__Assigned task__.
Start to finish, print the entries exactly, and carry none of the pictures over.
+ + + +
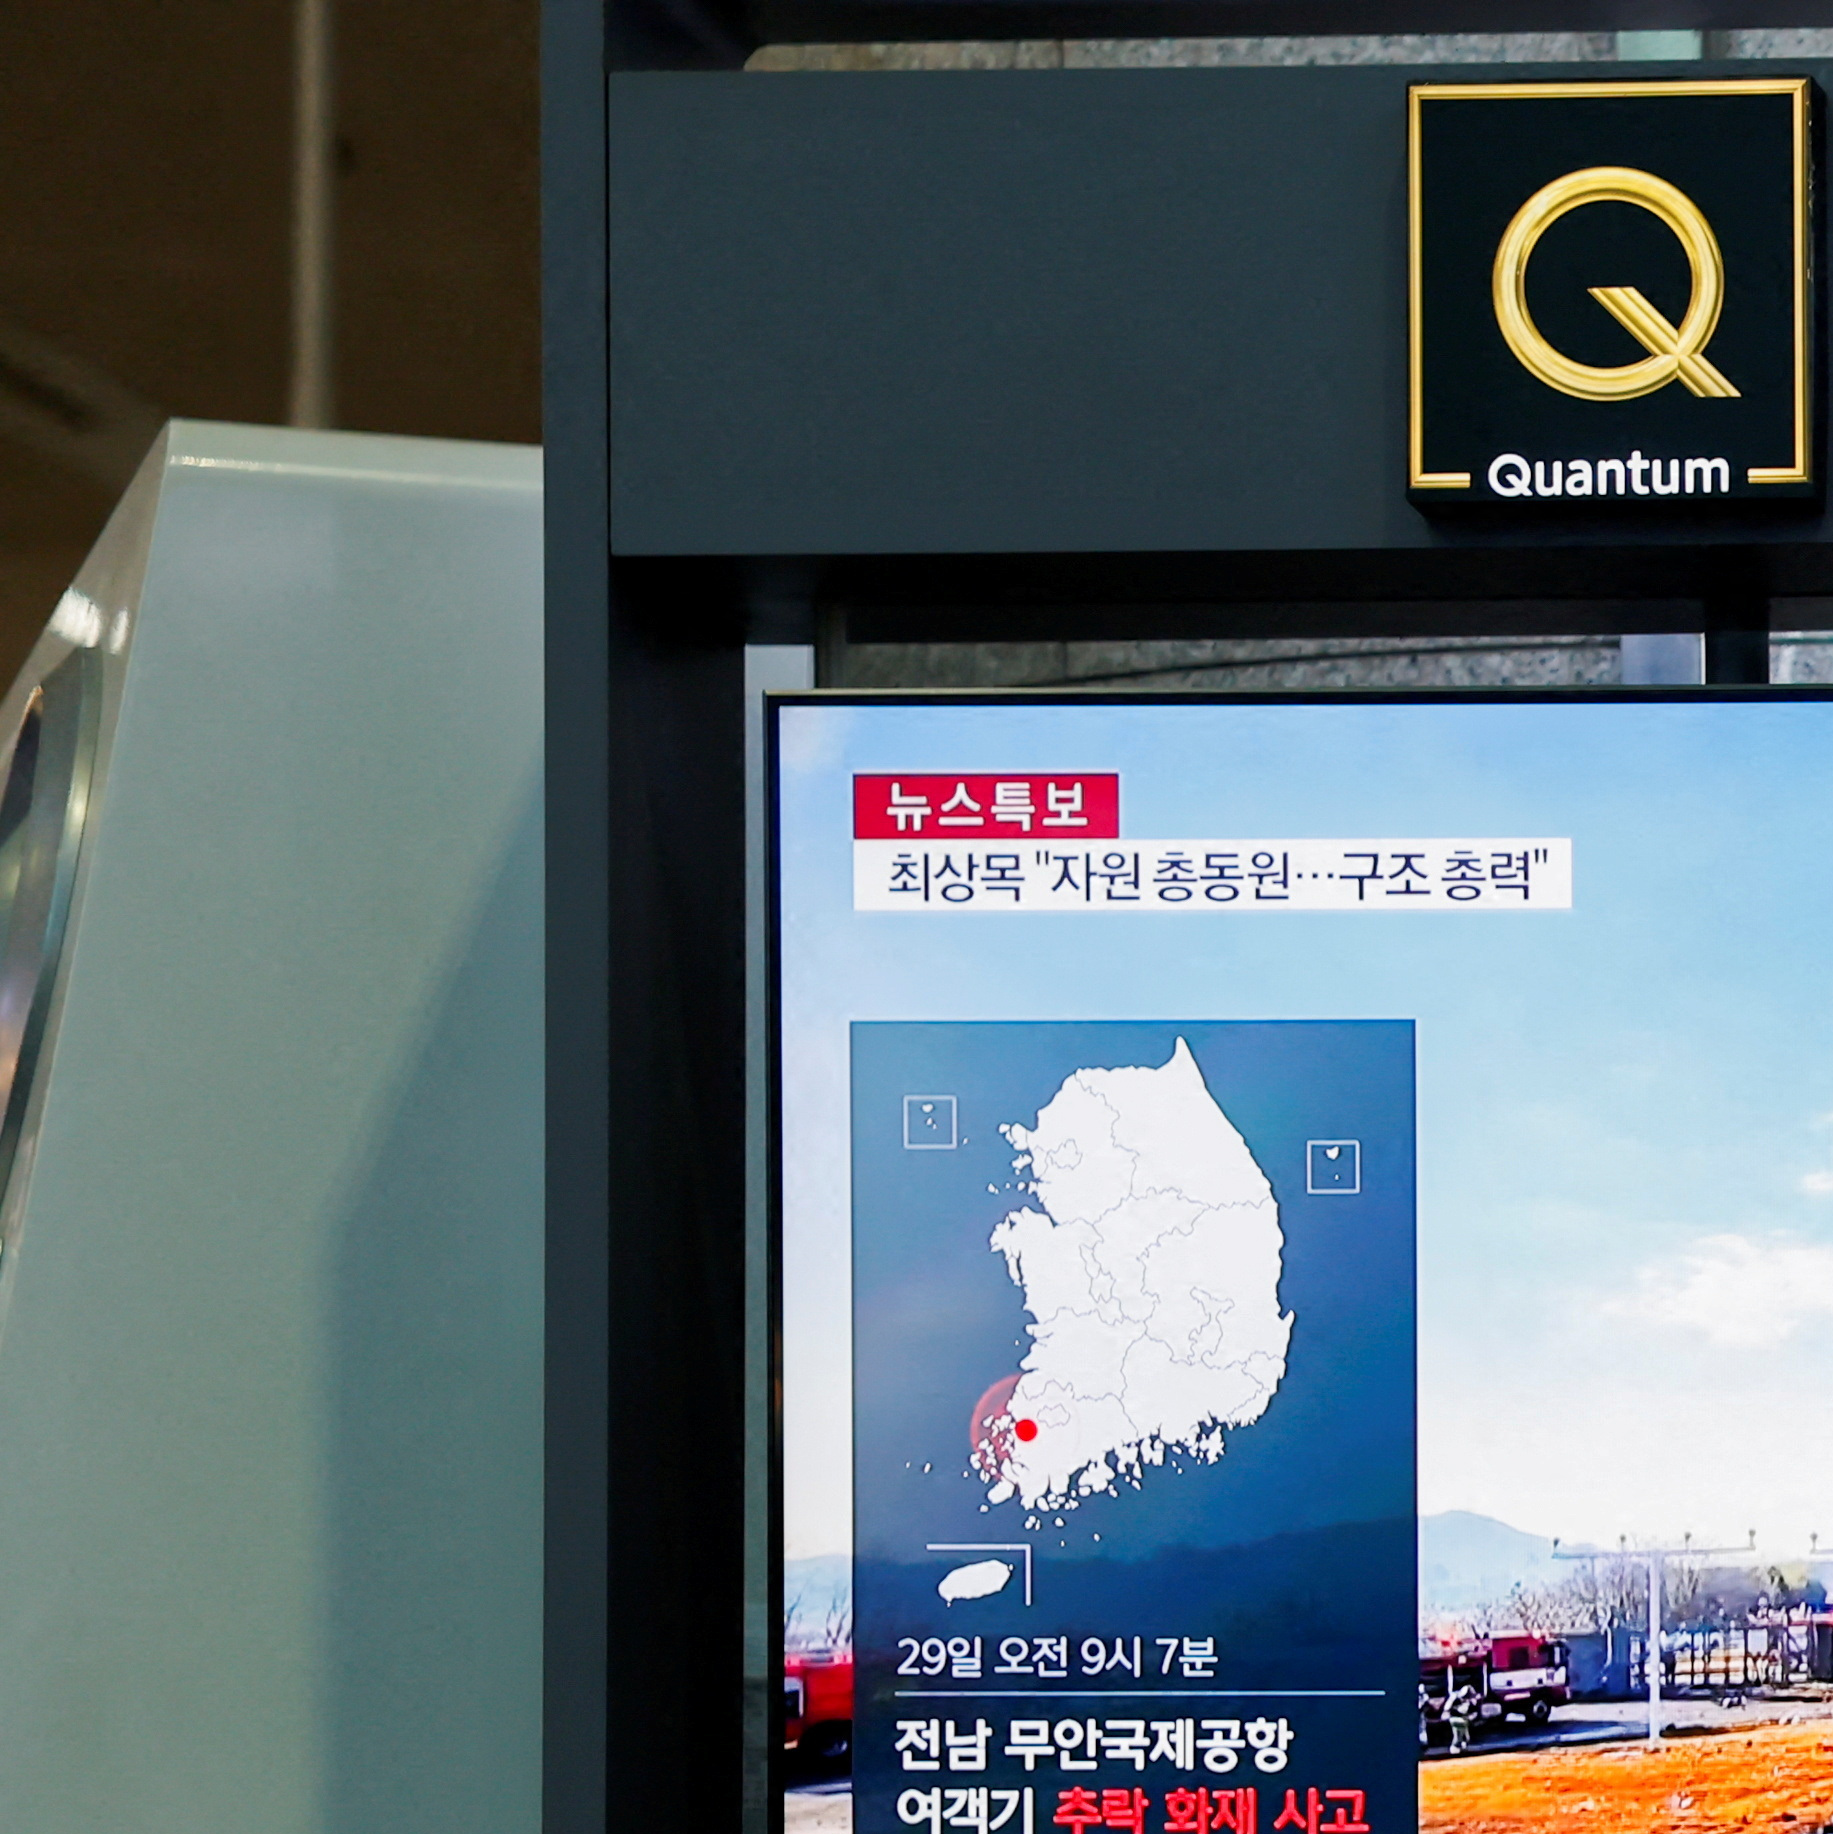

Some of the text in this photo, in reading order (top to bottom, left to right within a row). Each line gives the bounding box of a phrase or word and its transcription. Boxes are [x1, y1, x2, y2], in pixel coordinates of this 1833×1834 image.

[1489, 451, 1729, 496] Quantum
[887, 783, 1087, 831] 뉴스특보
[890, 854, 1023, 901] 최상목
[1037, 852, 1139, 901] "자원
[1442, 850, 1547, 900] 총력"
[898, 1637, 1217, 1677] 29일 오전 9시 7분
[896, 1718, 1293, 1772] 전남 무안국제공항
+ + + +
__Solution to this exercise__.
Some of the text in this photo, in reading order (top to bottom, left to right within a row). Each line gives the bounding box of a phrase or word and its transcription. Boxes are [x1, y1, x2, y2], in pixel coordinates of this 1833×1834 image.

[1489, 451, 1729, 496] Quantum
[887, 783, 1087, 831] 뉴스특보
[890, 854, 1023, 901] 최상목
[1037, 852, 1139, 901] "자원
[1442, 850, 1547, 900] 총력"
[898, 1637, 1217, 1677] 29일 오전 9시 7분
[896, 1718, 1293, 1772] 전남 무안국제공항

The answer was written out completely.